[Date Prev][Date Next][Thread Prev][Thread Next][Date Index][Thread Index]

Re: [PATCH 7/7] qobject atomics osdep: Make a few macros more hygienic



On Thu, Aug 31, 2023 at 03:25:46PM +0200, Markus Armbruster wrote:

[This paragraph written last: Bear with my stream of consciousness
review below, where I end up duplicating some of the conslusions you
reached before the point where I saw where the patch was headed]

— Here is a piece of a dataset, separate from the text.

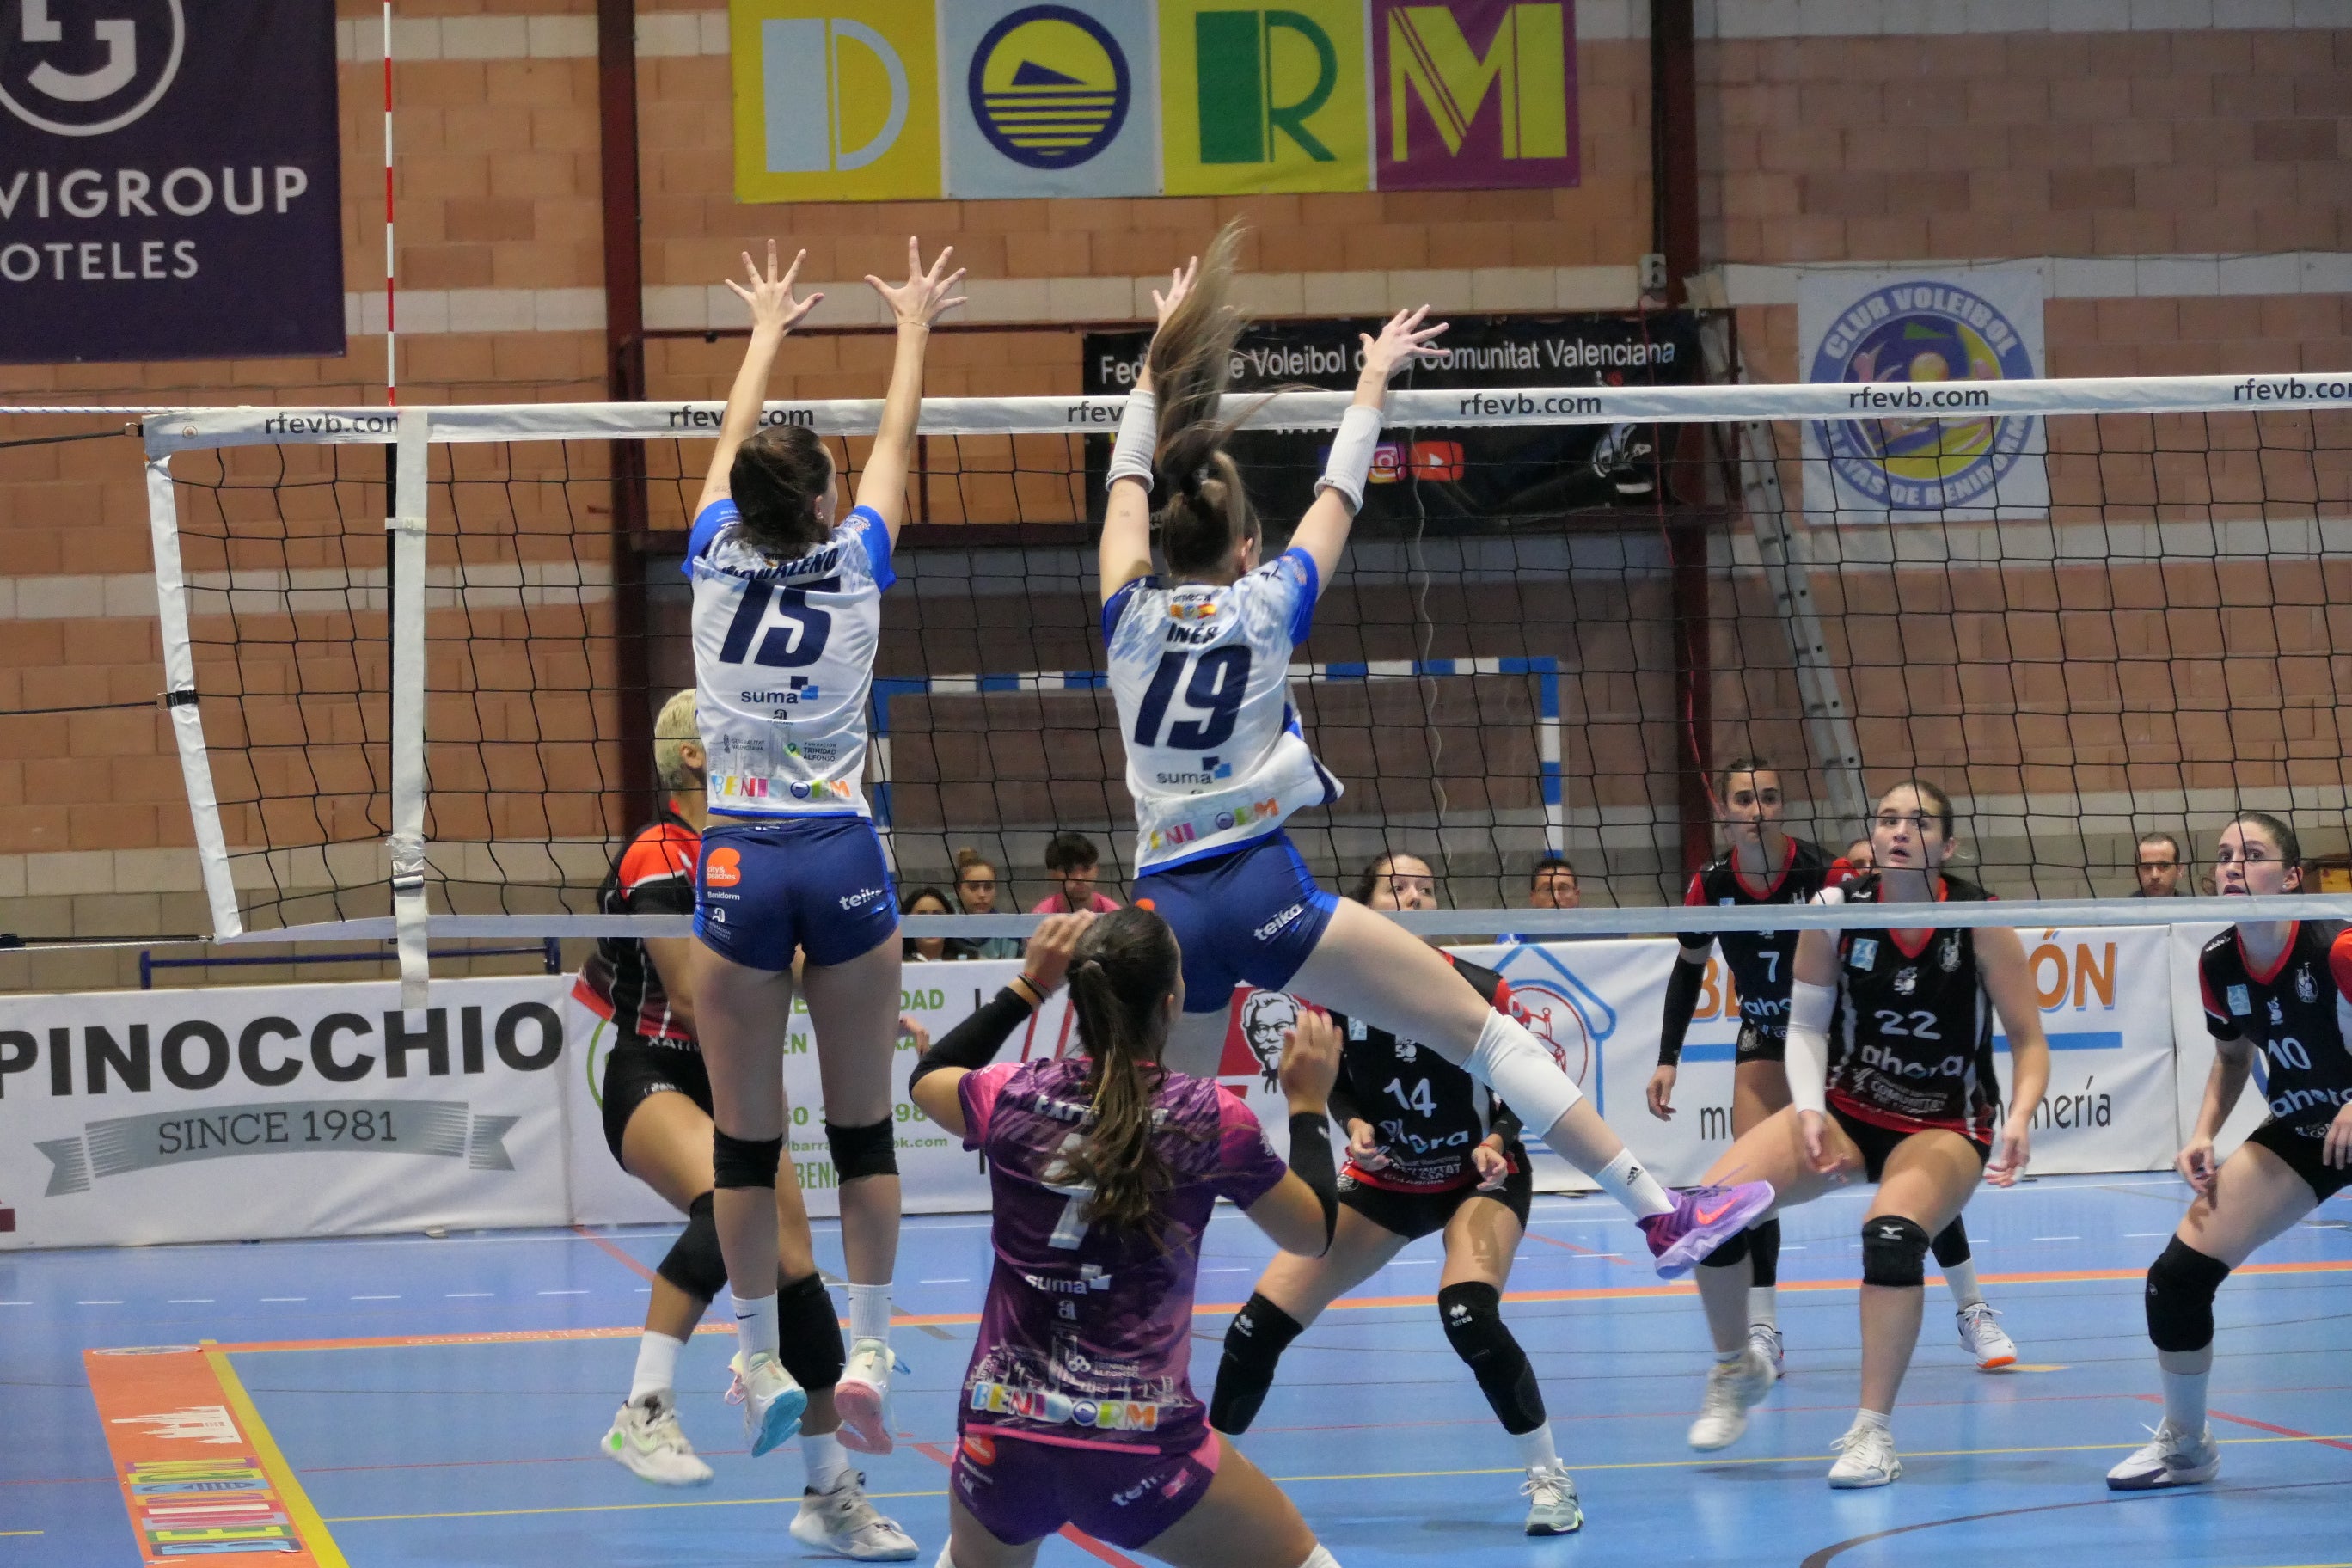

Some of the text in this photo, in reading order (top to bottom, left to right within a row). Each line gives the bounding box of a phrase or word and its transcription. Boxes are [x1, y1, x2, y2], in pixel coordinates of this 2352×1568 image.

> Variables declared in macros can shadow other variables.  Much of the
> time, this is harmless, e.g.:
> 
>     #define _FDT(exp)                                                  \
>         do {                                                           \
>             int ret = (exp);                                           \
>             if (ret < 0) {                                             \
>                 error_report("error creating device tree: %s: %s",   \
>                         #exp, fdt_strerror(ret));                      \
>                 exit(1);                                               \
>             }                                                          \
>         } while (0)

Which is why I've seen some projects require a strict namespace
separation: if all macro parameters and any identifiers declared in
macros use either a leading or a trailing _ (I prefer a trailing one,
to avoid risking conflicts with libc reserved namespace; but leading
is usually okay), and all other identifiers avoid that namespace, then
you will never have shadowing by calling a macro from normal code.

> 
> Harmless shadowing in h_client_architecture_support():
> 
>         target_ulong ret;
> 
>         [...]
> 
>         ret = do_client_architecture_support(cpu, spapr, vec, fdt_bufsize);
>         if (ret == H_SUCCESS) {
>             _FDT((fdt_pack(spapr->fdt_blob)));
>             [...]
>         }
> 
>         return ret;
> 
> However, we can get in trouble when the shadowed variable is used in a
> macro argument:
> 
>     #define QOBJECT(obj) ({                                 \
>         typeof(obj) o = (obj);                              \
>         o ? container_of(&(o)->base, QObject, base) : NULL; \
>      })
> 
> QOBJECT(o) expands into
> 
>     ({
> --->    typeof(o) o = (o);
>         o ? container_of(&(o)->base, QObject, base) : NULL;
>     })
> 
> Unintended variable name capture at --->.  We'd be saved by
> -Winit-self.  But I could certainly construct more elaborate death
> traps that don't trigger it.

Indeed, not fully understanding the preprocessor makes for some
interesting death traps.

> 
> To reduce the risk of trapping ourselves, we use variable names in
> macros that no sane person would use elsewhere.  Here's our actual
> definition of QOBJECT():
> 
>     #define QOBJECT(obj) ({                                         \
>         typeof(obj) _obj = (obj);                                   \
>         _obj ? container_of(&(_obj)->base, QObject, base) : NULL;   \
>     })

Yep, goes back to the policy I've seen of enforcing naming conventions
that ensure macros can't shadow normal code.

> 
> Works well enough until we nest macro calls.  For instance, with
> 
>     #define qobject_ref(obj) ({                     \
>         typeof(obj) _obj = (obj);                   \
>         qobject_ref_impl(QOBJECT(_obj));            \
>         _obj;                                       \
>     })
> 
> the expression qobject_ref(obj) expands into
> 
>     ({
>         typeof(obj) _obj = (obj);
>         qobject_ref_impl(
>             ({
> --->            typeof(_obj) _obj = (_obj);
>                 _obj ? container_of(&(_obj)->base, QObject, base) : NULL;
>             }));
>         _obj;
>     })
> 
> Unintended variable name capture at --->.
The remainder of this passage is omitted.